Malgré toute sa bonne volonté de garder espoir,
elle ne parvient plus à imaginer Laurent que mort. Si Moran l'a fait taire définitivement, en me taisant
aussi, je fais son jeu. La police a les moyens de nous protéger les
enfants et moi, encore faut-il qu'elle soit informée. Je dois tout
dire. Autrement, je fais comme ces parents d'enfants kidnappés qui
se taisent, paient la rançon et finissent par perdre et leur enfant
et leur argent… Mon Dieu, pourvu que Moran ne fasse pas enlever
Nico ou Noémie ! Faut que je le dise aux
policiers.
Ses interlocuteurs de la veille, quand elle était
venue leur faire part de ses inquiétudes dont ils avaient souri,
l'ont immédiatement reconnue : la jeune adjointe de sécurité,
le brigadier grisonnant au pinceau de poils sous la lèvre
inférieure. Ils s'emploient à tenter de lui faire recouvrer un peu
de sérénité.
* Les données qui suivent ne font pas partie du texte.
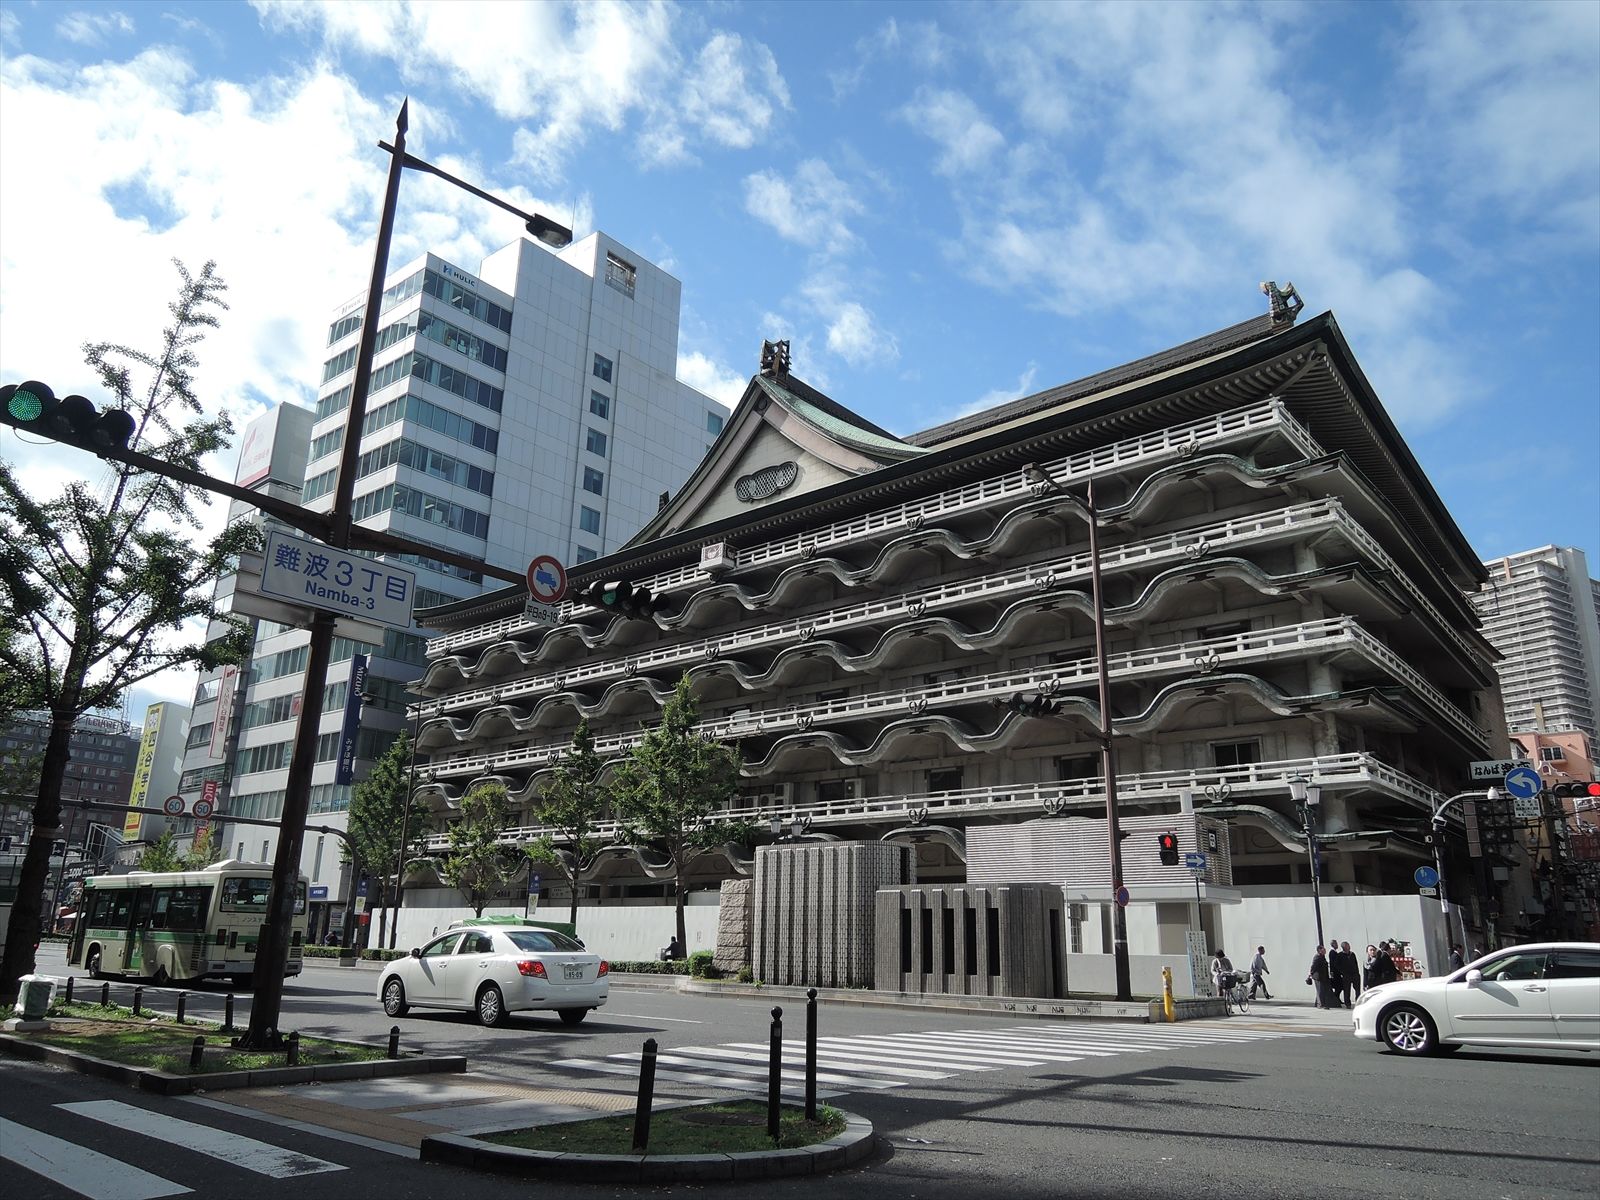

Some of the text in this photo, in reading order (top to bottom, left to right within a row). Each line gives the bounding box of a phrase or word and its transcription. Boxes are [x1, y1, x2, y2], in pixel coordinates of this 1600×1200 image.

La fliquette aux yeux ronds sourit.
– Vous savez, madame, une séparation soudaine
peut provoquer ce genre de réaction…
– Quel « genre de
réaction » ?
– Eh bien, l'anxiété galopante qui se
transforme en agressivité.
Le chef confirme.
– Oui, ça permet de se déculpabiliser.
– Je suis agressive, moi ?!
– Un petit peu…
– Et je chercherais à me déculpabiliser de
quoi, bazar ?!
Le policier se fait débonnaire.
– C'est un réflexe connu de rejeter sa
responsabilité personnelle en cas de fugue du partenaire…
Anita explose.
– Mais quelle responsabilité ?! De quoi
vous me parlez ? C'est vous qui êtes des irresponsables !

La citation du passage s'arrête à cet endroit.